6. The shift register of claim 1, wherein the output sub-circuit comprises a third transistor and a first capacitance;

the control electrode of the third transistor is connected with the pull-up node, the first electrode of the third transistor is connected with the first clock signal end, and the second electrode of the third transistor is connected with the signal output end; the first polar plate of the first capacitor is connected with the control electrode of the third transistor, and the second polar plate of the first capacitor is connected with the second pole of the third transistor.

7. The shift register of claim 1, further comprising a pull-down control sub-circuit;

the pull-down control sub-circuit is configured to transmit the first voltage to the pull-down node under control of the second clock signal, and to transmit the second clock signal to the pull-down node under control of the pull-up node potential.

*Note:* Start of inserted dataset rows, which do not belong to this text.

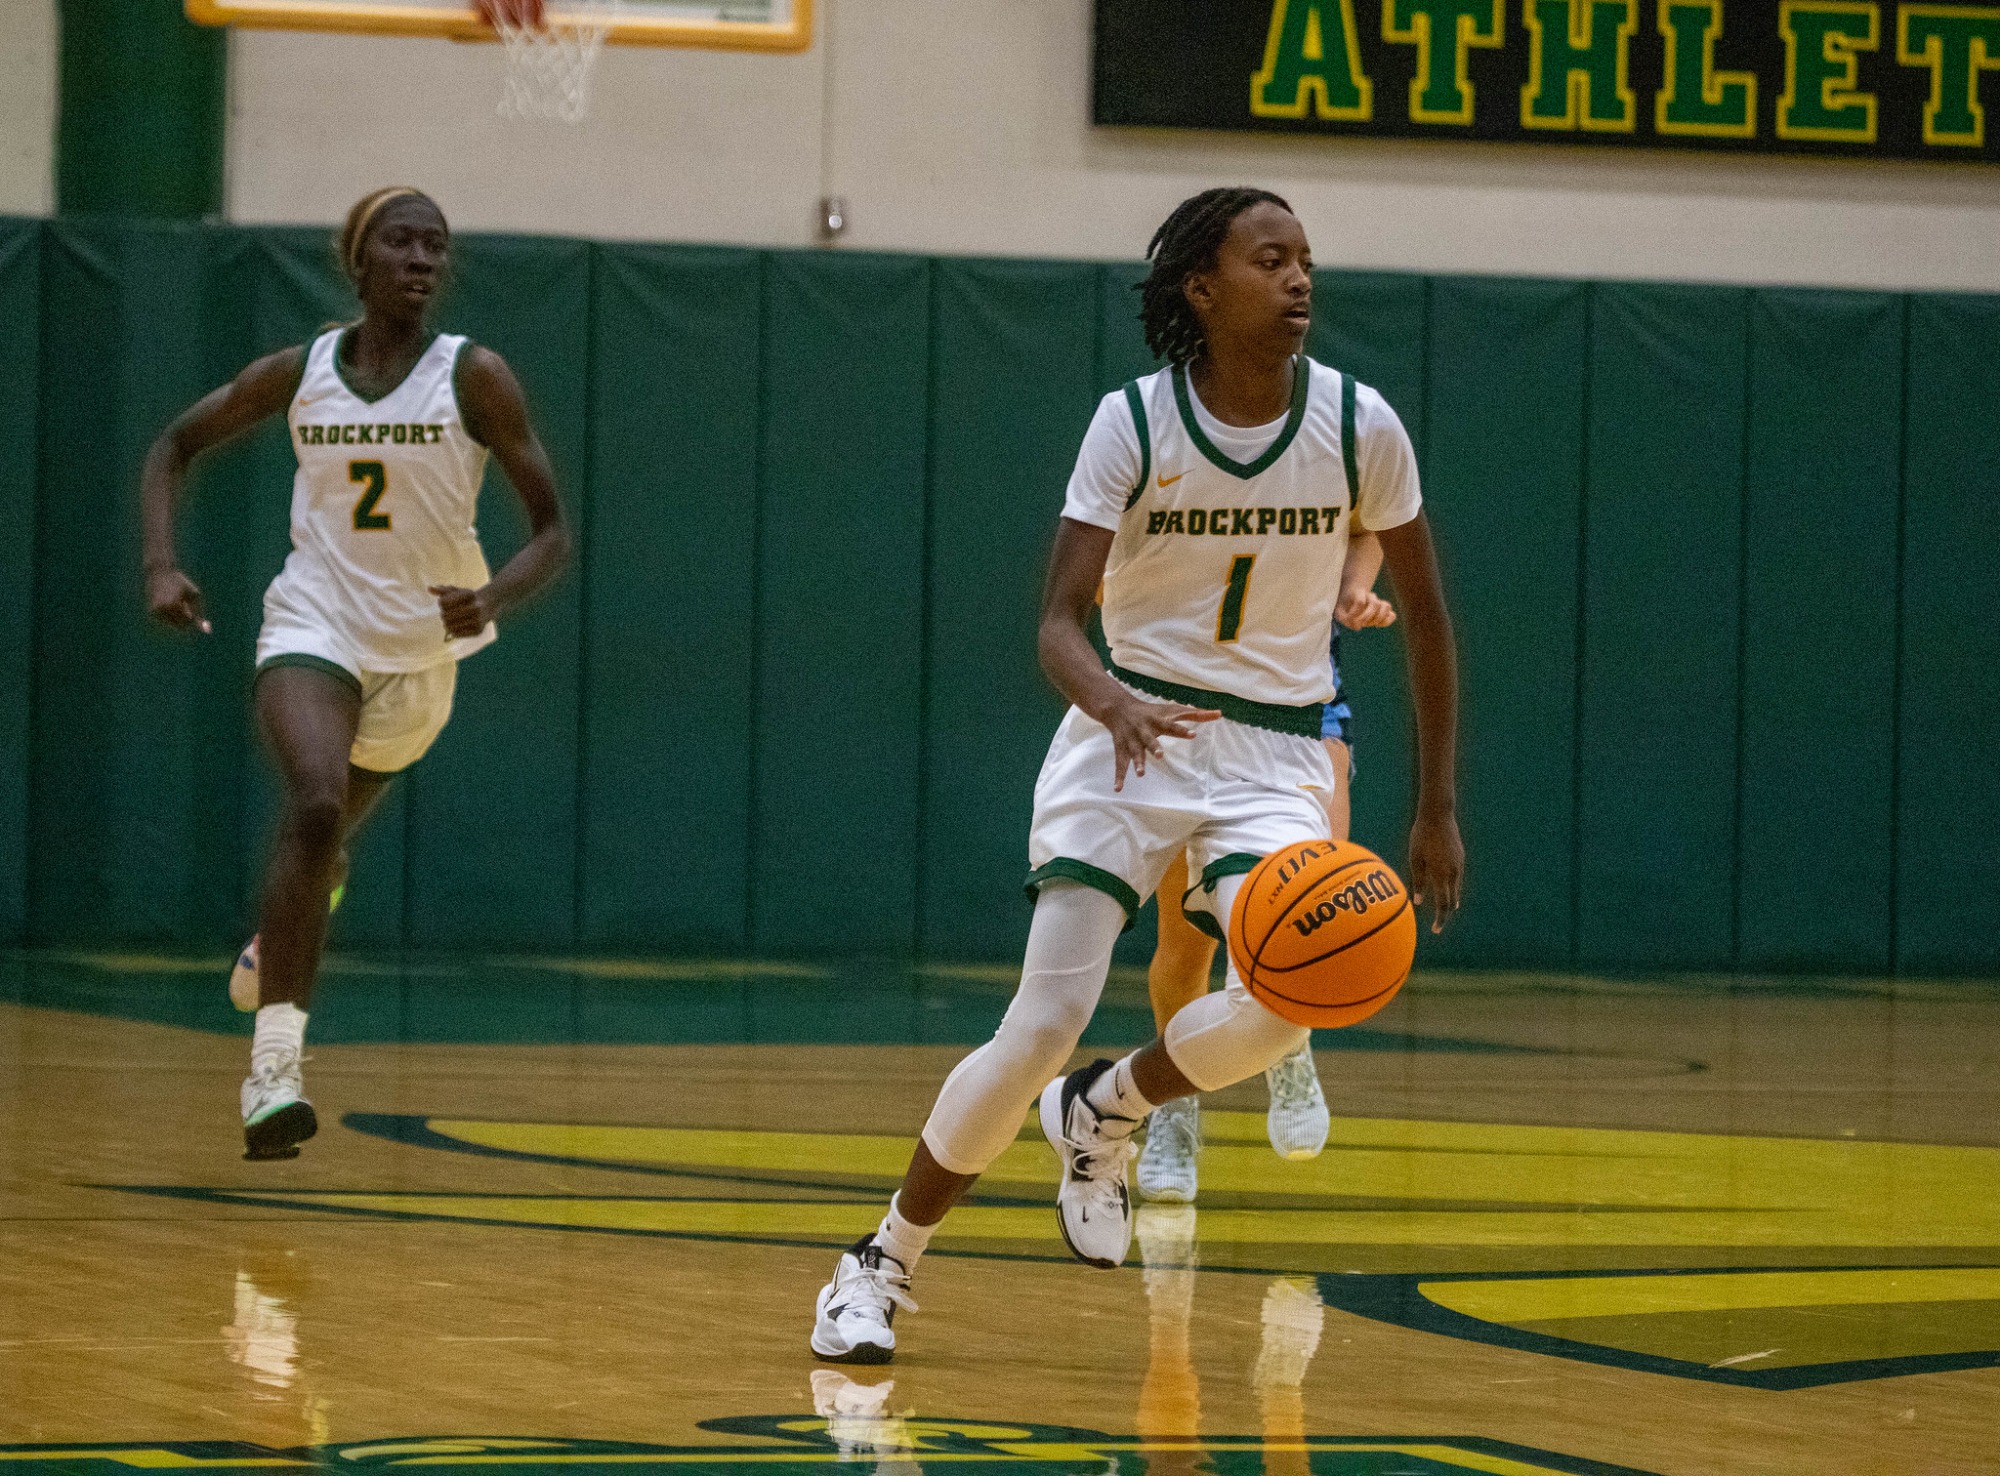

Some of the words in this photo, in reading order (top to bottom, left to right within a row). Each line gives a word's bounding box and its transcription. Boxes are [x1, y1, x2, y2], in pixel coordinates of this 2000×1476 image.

[1250, 0, 2000, 147] ATHLET
[348, 459, 392, 531] 2
[1146, 506, 1341, 536] BROCKPORT
[1216, 553, 1256, 644] 1
[1277, 841, 1338, 885] EVO
[1292, 869, 1398, 936] Wilson
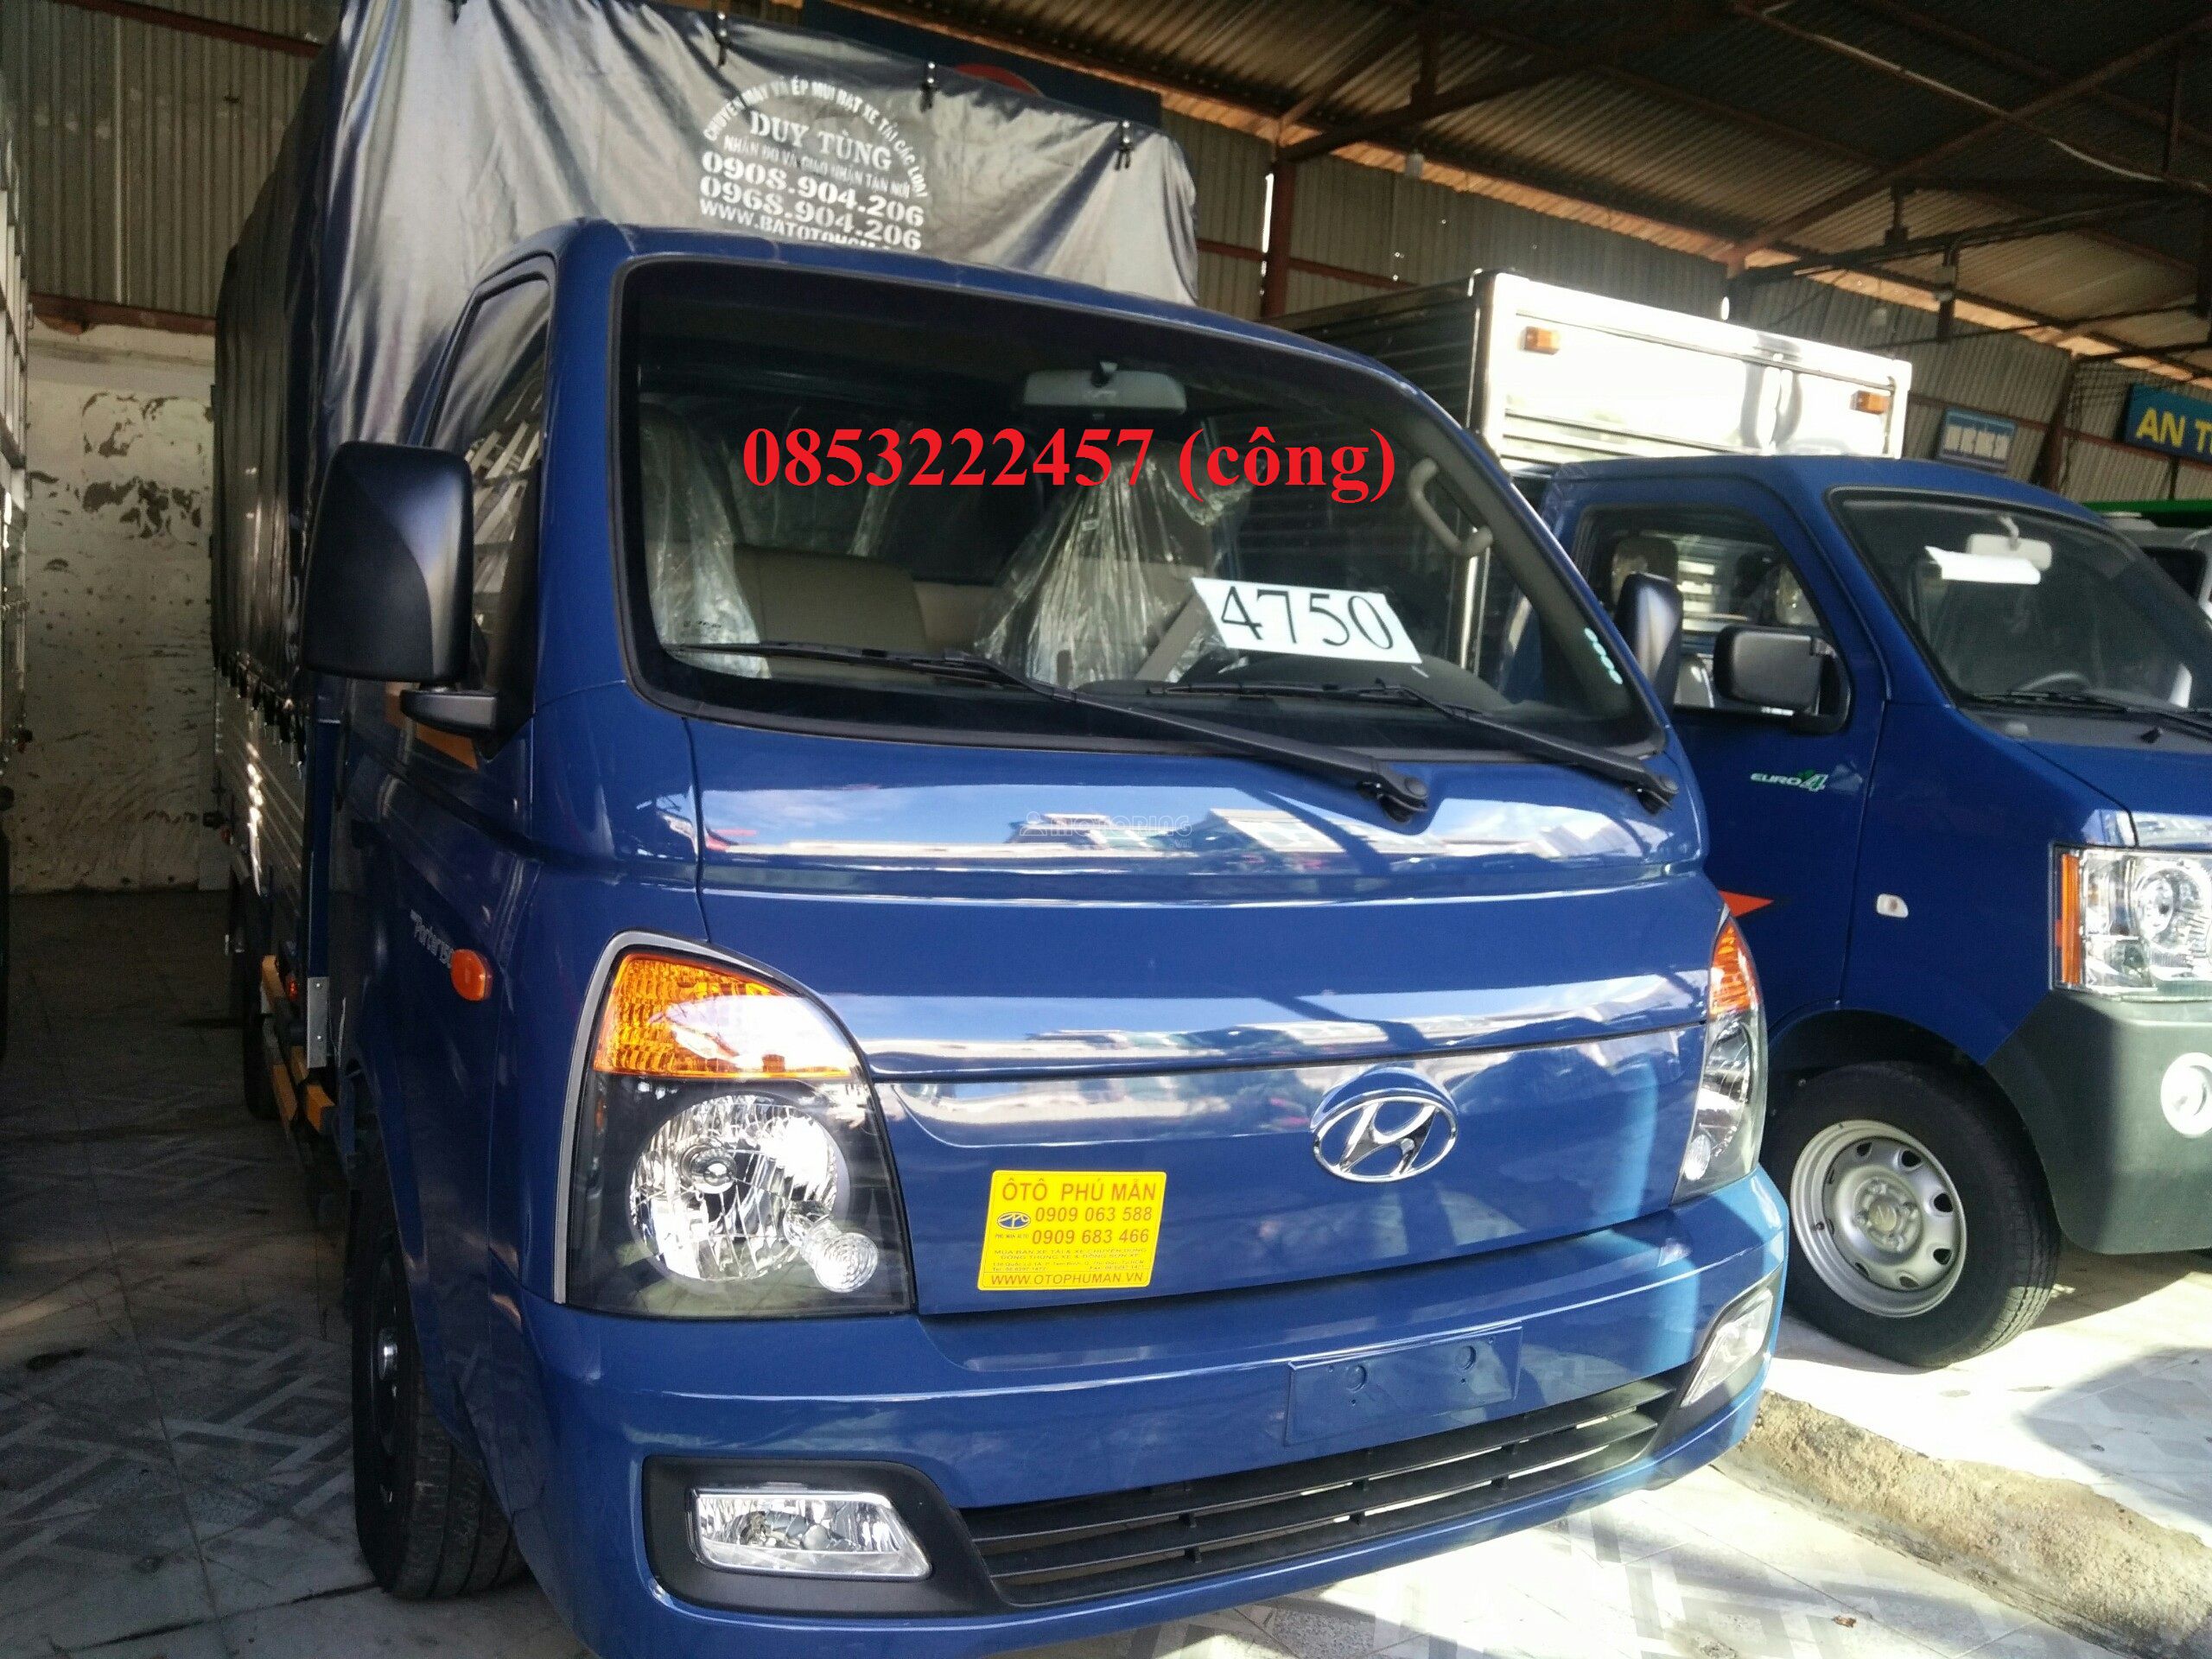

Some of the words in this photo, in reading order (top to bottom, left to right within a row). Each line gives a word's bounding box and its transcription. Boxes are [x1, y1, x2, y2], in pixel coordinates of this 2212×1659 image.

[749, 110, 810, 149] DUY
[702, 150, 925, 227] 0908.904.206
[699, 175, 922, 251] 0968.904.206
[2135, 407, 2186, 448] AN
[1220, 586, 1394, 650] 4750
[1002, 1178, 1048, 1202] ÔTÔ
[1060, 1178, 1104, 1202] PHÚ
[1035, 1206, 1078, 1223] 0909
[1084, 1206, 1116, 1222] 063
[1122, 1206, 1153, 1222] 588
[1032, 1230, 1075, 1245] 0909
[1081, 1229, 1113, 1244] 683
[1118, 1228, 1149, 1243] 466

8. The shift register of claim 7, wherein the pull-down control sub-circuit comprises a fourth transistor and a fifth transistor;

the control electrode of the fourth transistor is connected with the second clock signal end, the first electrode of the fourth transistor is connected with the first voltage end, and the second electrode of the fourth transistor is connected with the pull-down node; the control electrode of the fifth transistor is connected with the input sub-circuit, the first electrode of the fifth transistor is connected with the second clock signal end, and the second electrode of the fifth transistor is connected with the pull-down node.

9. The shift register of claim 1, further comprising a pull-down subcircuit;

the pull-down subcircuit is configured to transmit a second voltage to the signal output terminal under control of the pull-down node potential.

10. The shift register of claim 9, wherein the pull-down sub-circuit comprises a sixth transistor and a second capacitor;

the control electrode of the sixth transistor is connected with the pull-down node, the first electrode of the sixth transistor is connected with the signal output end, and the second electrode of the sixth transistor is connected with the second voltage end; the first polar plate of the second capacitor is connected with the control electrode of the sixth transistor, and the second polar plate of the second capacitor is connected with the second pole of the sixth transistor.

11. A gate drive circuit comprising a plurality of cascaded shift registers according to any one of claims 1-10; wherein,,

the signal input end of the first stage shift register is connected with the initial signal end;

the signal output end of the shift register of the stage is connected with the reset signal end of the shift register of the previous stage and the signal input end of the shift register of the next stage except the shift register of the first stage.

12. A display device comprising the gate driving circuit according to claim 11.